[Available records — start]

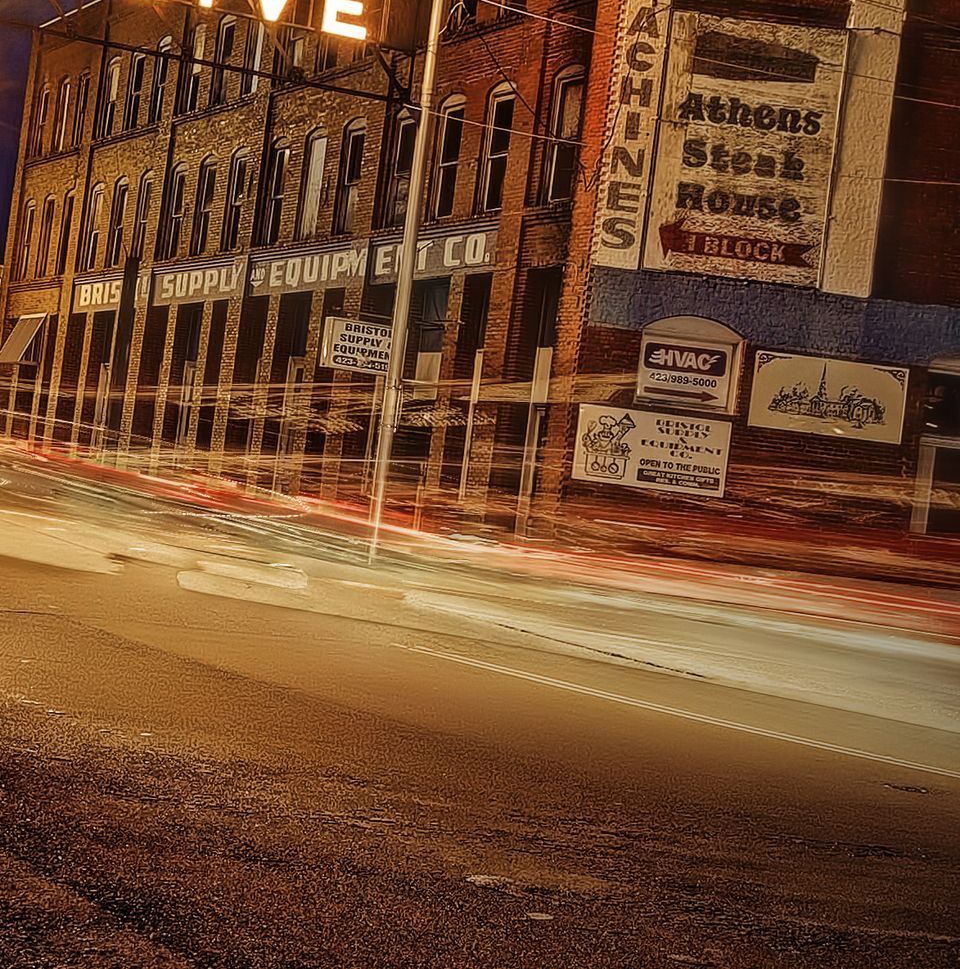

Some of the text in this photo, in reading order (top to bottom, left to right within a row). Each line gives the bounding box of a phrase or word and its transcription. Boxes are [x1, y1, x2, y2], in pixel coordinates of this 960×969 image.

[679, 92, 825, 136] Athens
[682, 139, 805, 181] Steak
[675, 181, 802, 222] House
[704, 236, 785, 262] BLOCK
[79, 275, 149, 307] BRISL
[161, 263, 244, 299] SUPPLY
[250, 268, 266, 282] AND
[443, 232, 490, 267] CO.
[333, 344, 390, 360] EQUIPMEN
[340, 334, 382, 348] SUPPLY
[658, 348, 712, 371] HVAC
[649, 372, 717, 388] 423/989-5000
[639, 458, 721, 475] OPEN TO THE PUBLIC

[Available records — finish]

[What you have to do] An exact, word-for-word copy of the records is expected, with no pictures in it.

[Response for this exercise]
Some of the text in this photo, in reading order (top to bottom, left to right within a row). Each line gives the bounding box of a phrase or word and its transcription. Boxes are [x1, y1, x2, y2], in pixel coordinates of this 960×969 image.

[679, 92, 825, 136] Athens
[682, 139, 805, 181] Steak
[675, 181, 802, 222] House
[704, 236, 785, 262] BLOCK
[79, 275, 149, 307] BRISL
[161, 263, 244, 299] SUPPLY
[250, 268, 266, 282] AND
[443, 232, 490, 267] CO.
[333, 344, 390, 360] EQUIPMEN
[340, 334, 382, 348] SUPPLY
[658, 348, 712, 371] HVAC
[649, 372, 717, 388] 423/989-5000
[639, 458, 721, 475] OPEN TO THE PUBLIC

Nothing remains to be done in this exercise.